Wednesday, October 02, 2024

Graves/Riding: What in the hell did I just read?!

I'm currently reading "Chapters in a Mythology," Judith Kroll's early (1976) critical study of Plath's work, which reveals an underlying mythology of Plath's symbolism throughout her later work and posits that all later individual poems were part of one greater piece. I agree.

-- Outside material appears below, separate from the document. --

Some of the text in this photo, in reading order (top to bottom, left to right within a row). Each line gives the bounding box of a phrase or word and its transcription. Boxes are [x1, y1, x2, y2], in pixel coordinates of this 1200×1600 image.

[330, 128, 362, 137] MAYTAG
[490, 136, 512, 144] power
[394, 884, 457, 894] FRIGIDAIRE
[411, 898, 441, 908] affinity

Kroll also points out that "The White Goddess" (1948) by Robert Graves was a big influence on first Ted Hughes and then Sylvia Plath. I knew this from past reading, but one thing I didn't know until I just now looked it up on Wikipedia: Graves had a wildly tempestuous (read: sick) on/off relationship with the poet Laura Riding from about 1925 thru 1939, all the while he was going on about the "Muse" and the "Goddess" as some sort of "spiritual" entities. He was also a bisexual---meaning that he obviously didn't take the idea of a female Muse all that seriously. (Ha! I don't think that the uber-male Hughes knew about Graves' proclivities; nor did Plath, who also relished purely female norms, both in mythology and in the "women's magazines" of her time):

Here's the bit from Wikipedia:
She [Riding], Robert Graves and Nancy Nicholson lived in London until Riding's suicide attempt in 1929. It is generally agreed that this episode was a major cause of the break-up of Graves's first marriage: the whole affair caused a famous literary scandal.

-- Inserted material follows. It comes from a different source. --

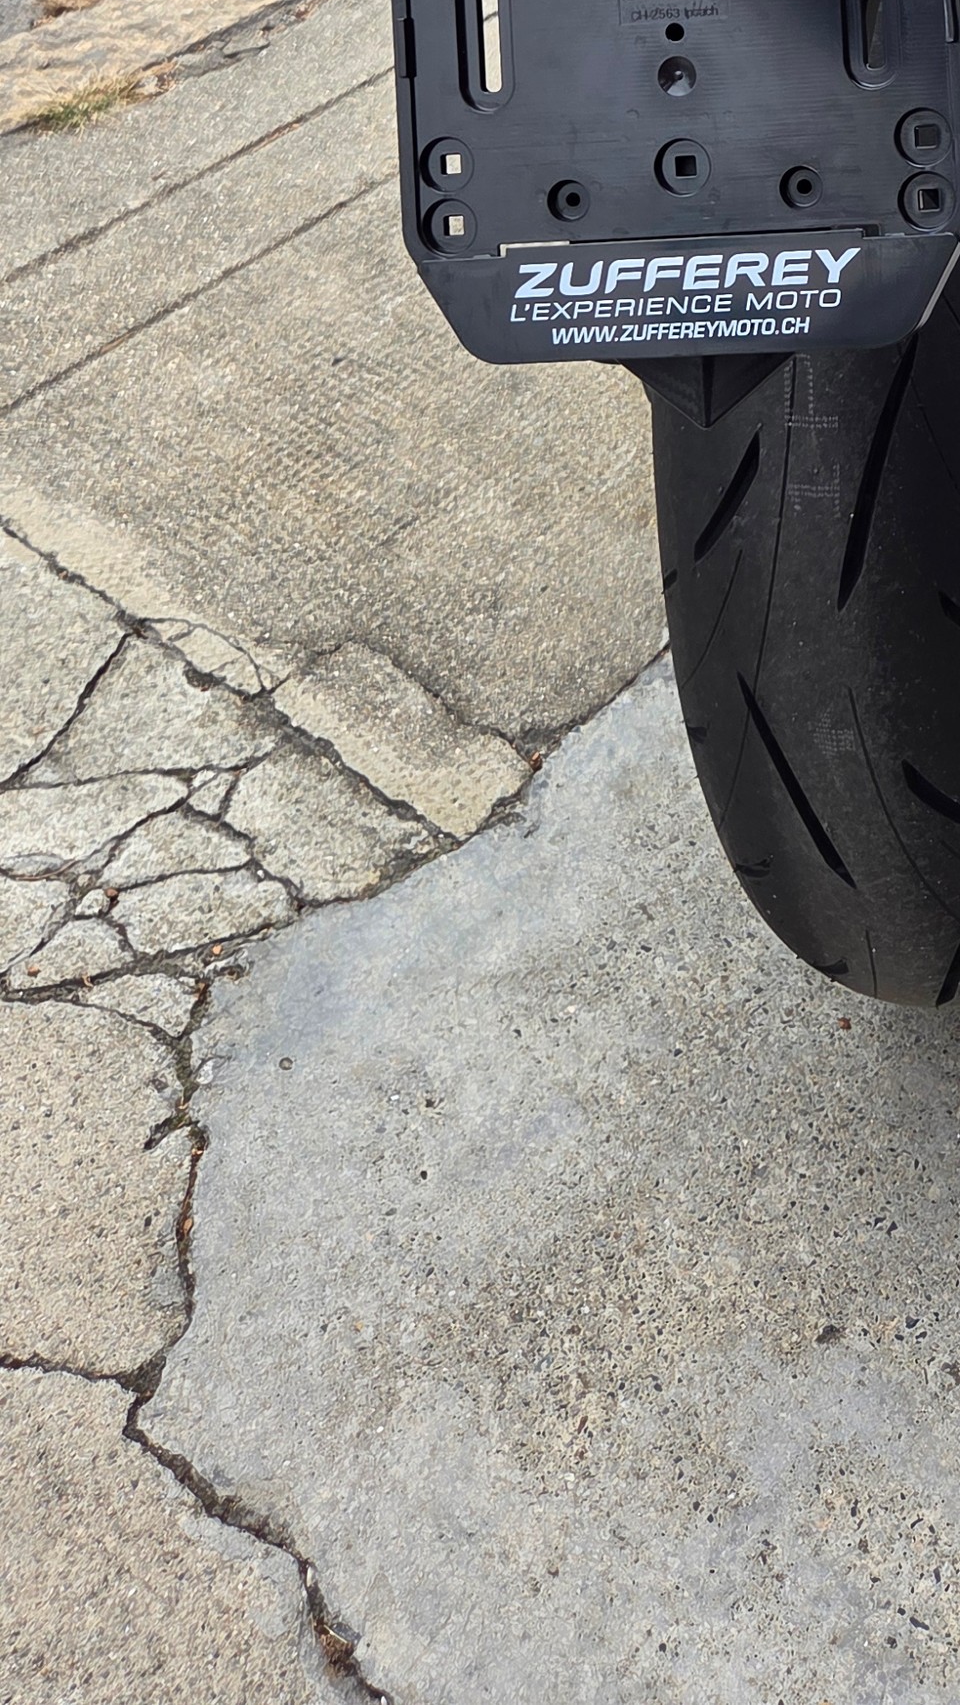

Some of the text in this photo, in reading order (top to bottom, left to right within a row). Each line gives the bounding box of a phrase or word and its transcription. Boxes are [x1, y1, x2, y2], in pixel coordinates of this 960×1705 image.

[514, 247, 861, 299] ZUFFEREY
[510, 288, 842, 323] L'EXPERIENCE MOTO
[552, 317, 811, 345] WWW.ZUFFEREYMOTO.CH
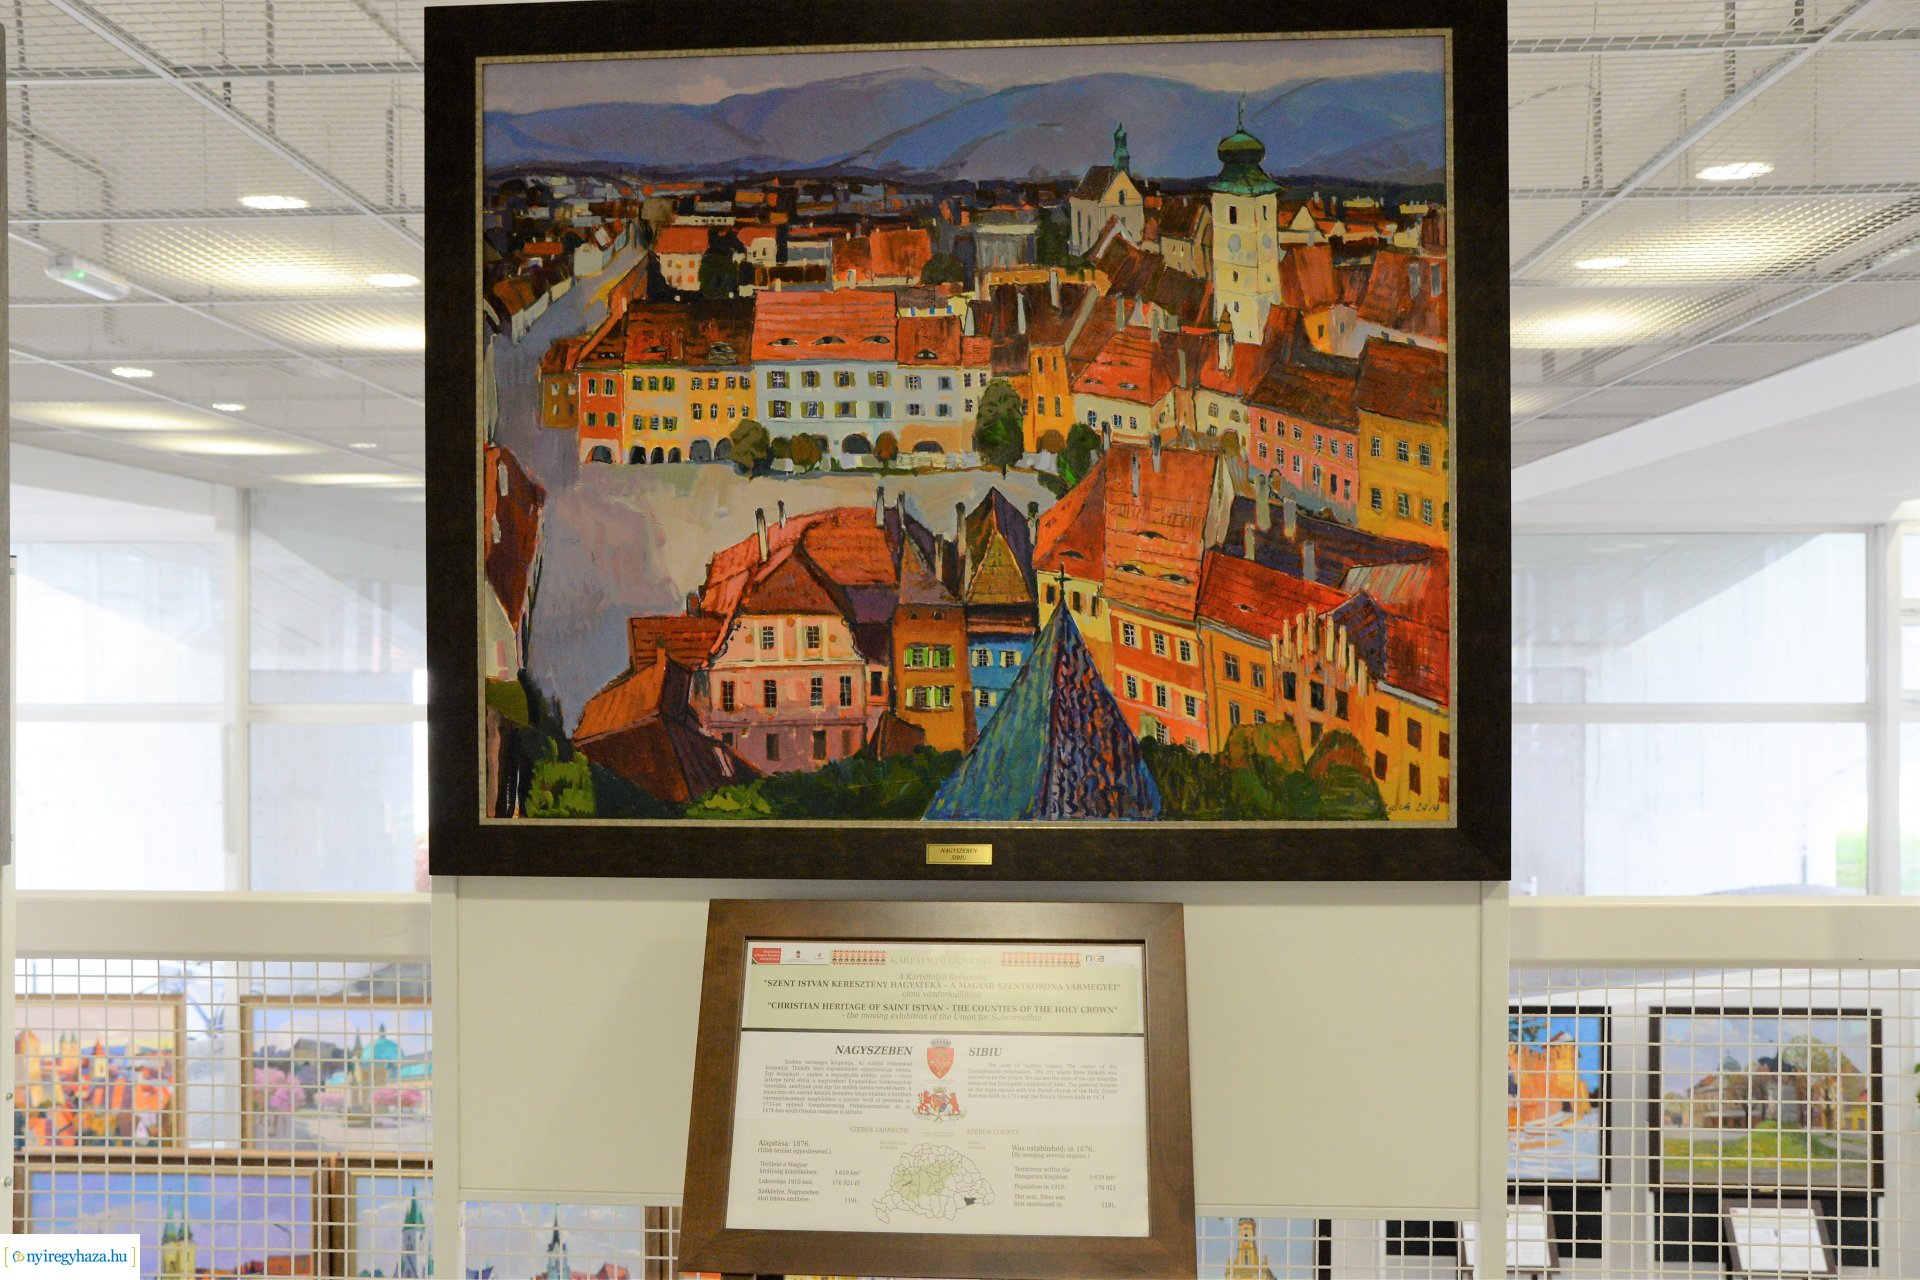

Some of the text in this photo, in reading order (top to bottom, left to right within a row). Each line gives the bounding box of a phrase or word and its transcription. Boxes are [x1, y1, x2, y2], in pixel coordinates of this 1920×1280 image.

When Riding met the Irish poet, Geoffrey Phibbs, in 1929, she invited him to join the household that already contained herself, Graves, and Graves's wife, Nancy. Phibbs agreed, but after a few months changed his mind and returned to his wife, referring to Riding as "a virago" in a letter to his friend Thomas MacGreevy.[3] When they failed to effect a reconciliation, he rejoined the household but rejected Laura and moved in with Nancy.[4] This was one of the catalysts for the incident of 27 April 1929, when Riding jumped from a fourth-floor window (or, according to Timothy Sandefur, 2019, “a second-storey window”) at the lodgings she shared with Graves, at the height of an argument involving Graves, Phibbs and Nancy Graves;[5] having failed to stop her, Graves also jumped (from a lower floor), but was unharmed, whilst Riding sustained life-threatening injuries.[6]

What a bunch of clowns! (I can literally hear "clown music" in my head while picturing the above menage changes and various jumping-out-of-windows, etc.)  And THIS man, the weak and decadent Robert Graves, was considered to be your Messenger of The Sublime?! A too-late wake-up call to these two victims of pseudo-mythology and pseudo-seers, Hughes and Plath: You were more a product of your current time than you were of any thousands-of-years bloodlines. You were both fools.